Французский офицер, командовавший орудийной батареей, уставился на окровавленного здоровяка, затем на Шарпа, и стрелок увидел выражение изумления на его бледном лице. Фредриксон с саблей в руке бежал через внутренний двор не заботясь о французе с карабином на крыше бараков, и призывал канониров сдаться.

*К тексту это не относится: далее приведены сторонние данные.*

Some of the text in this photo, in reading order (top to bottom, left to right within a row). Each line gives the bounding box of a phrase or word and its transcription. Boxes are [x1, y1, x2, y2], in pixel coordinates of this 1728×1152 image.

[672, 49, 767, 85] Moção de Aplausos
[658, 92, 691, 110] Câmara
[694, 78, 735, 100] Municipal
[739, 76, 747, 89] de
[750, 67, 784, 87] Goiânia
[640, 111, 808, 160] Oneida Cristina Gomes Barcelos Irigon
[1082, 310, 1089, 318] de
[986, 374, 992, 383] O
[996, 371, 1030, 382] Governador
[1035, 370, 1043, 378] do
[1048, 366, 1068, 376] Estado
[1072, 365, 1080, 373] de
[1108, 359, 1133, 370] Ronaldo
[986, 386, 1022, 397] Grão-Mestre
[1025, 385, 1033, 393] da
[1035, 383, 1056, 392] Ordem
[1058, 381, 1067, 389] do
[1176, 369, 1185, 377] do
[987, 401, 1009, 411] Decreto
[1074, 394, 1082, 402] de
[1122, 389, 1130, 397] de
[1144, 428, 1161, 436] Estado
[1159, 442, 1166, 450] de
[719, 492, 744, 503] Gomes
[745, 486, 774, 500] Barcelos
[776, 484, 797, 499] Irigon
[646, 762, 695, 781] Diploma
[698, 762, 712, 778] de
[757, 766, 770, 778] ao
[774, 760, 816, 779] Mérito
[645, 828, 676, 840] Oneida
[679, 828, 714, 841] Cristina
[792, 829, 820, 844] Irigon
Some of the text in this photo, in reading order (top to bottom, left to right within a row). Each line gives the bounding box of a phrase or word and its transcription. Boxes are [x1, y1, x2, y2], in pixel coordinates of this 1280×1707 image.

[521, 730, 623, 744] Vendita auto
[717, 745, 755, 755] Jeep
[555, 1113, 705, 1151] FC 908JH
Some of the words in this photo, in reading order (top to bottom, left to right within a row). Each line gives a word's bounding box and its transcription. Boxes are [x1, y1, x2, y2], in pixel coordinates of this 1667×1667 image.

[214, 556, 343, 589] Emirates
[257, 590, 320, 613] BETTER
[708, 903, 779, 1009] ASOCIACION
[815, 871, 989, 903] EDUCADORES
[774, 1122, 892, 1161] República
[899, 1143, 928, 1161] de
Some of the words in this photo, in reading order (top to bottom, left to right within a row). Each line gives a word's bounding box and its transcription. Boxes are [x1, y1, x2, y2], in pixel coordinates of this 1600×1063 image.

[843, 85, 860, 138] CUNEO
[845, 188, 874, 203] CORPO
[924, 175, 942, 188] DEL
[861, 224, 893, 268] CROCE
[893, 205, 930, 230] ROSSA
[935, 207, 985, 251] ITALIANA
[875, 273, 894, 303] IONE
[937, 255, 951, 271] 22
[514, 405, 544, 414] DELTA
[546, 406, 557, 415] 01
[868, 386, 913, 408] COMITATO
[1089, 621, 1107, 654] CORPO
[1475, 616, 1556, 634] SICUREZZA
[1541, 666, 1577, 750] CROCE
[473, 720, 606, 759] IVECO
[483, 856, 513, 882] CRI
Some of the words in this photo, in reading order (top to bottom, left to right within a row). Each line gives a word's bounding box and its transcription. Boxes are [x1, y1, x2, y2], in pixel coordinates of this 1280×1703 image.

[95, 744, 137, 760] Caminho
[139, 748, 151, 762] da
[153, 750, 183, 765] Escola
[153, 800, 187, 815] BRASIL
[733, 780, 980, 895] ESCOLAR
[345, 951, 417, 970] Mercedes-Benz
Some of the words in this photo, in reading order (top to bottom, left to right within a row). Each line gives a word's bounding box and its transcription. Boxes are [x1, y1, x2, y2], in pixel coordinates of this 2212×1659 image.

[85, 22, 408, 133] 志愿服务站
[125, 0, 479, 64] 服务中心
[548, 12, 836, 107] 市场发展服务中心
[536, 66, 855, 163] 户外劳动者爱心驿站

Французский офицер сделал такое движение, будто прогонял приснившийся кошмар, и крикнул своим людям оставить орудия и взять карабины, стоящие рядом с амбразурами. Шарп вспомнил, что французские канониры носят длинноствольные карабины, и крикнул Фредриксону, чтобы тот укрылся, а затем увидел, как француз на крыше бараков поменял цель.

Шарп бросился прочь, поняв, что эта цель — он сам. Он успел заметить отблеск огня в окружении дыма и услышал, как свистнула карабинная пуля. Еще бы полдюйма, и он покойник, убитый кусками черепа, влетевшими в мозг, но вместо этого его всего лишь оглушен, ошеломлен, у него потемнело в глазах, и, повернувшись, он упал на каменную кладку стены, услышав, как лязгнул о булыжники его палаш. Шарп почувствовал себя так, будто получил по лицу раскаленной кочергой и к тому же ничего не мог видеть.

Приступ боли пронзил его голову и выдавил стон изо рта. Слепота заставила его запаниковать, а головокружение не давало встать на ноги. Он сполз по стене и почувствовал на языке привкус крови. Шарп вслепую пытался нашарить на камнях свой палаш, однако напрасно.

Он повернул голову налево, на звук команды по-французски, но не видел ничего. Карабины стреляли. Над головой снова просвистела пуля, еще одна расплющилась об стену перед ним, затем раздался звук винтовки Бейкера*, звук, который Шарп слышал до этого миллион раз, и справа от себя услышал топот сапог стрелков, вбежавших во внутренний двор. Снова пальнула винтовка Бейкера, крик, и опять пуля стрелка нашла себе жертву, затем Фредриксон прокричал приказы.

Залп на мгновение разогнал закатную тьму, рассыпав снопы искр из винтовочных стволов, затем половина зеленых курток прошла вперед, вторая половина прикрывала товарищей, выставив стену из длинных штыков, Шарп услышал радостные восклицания и понял, что они взяли форт. Но он ослеп.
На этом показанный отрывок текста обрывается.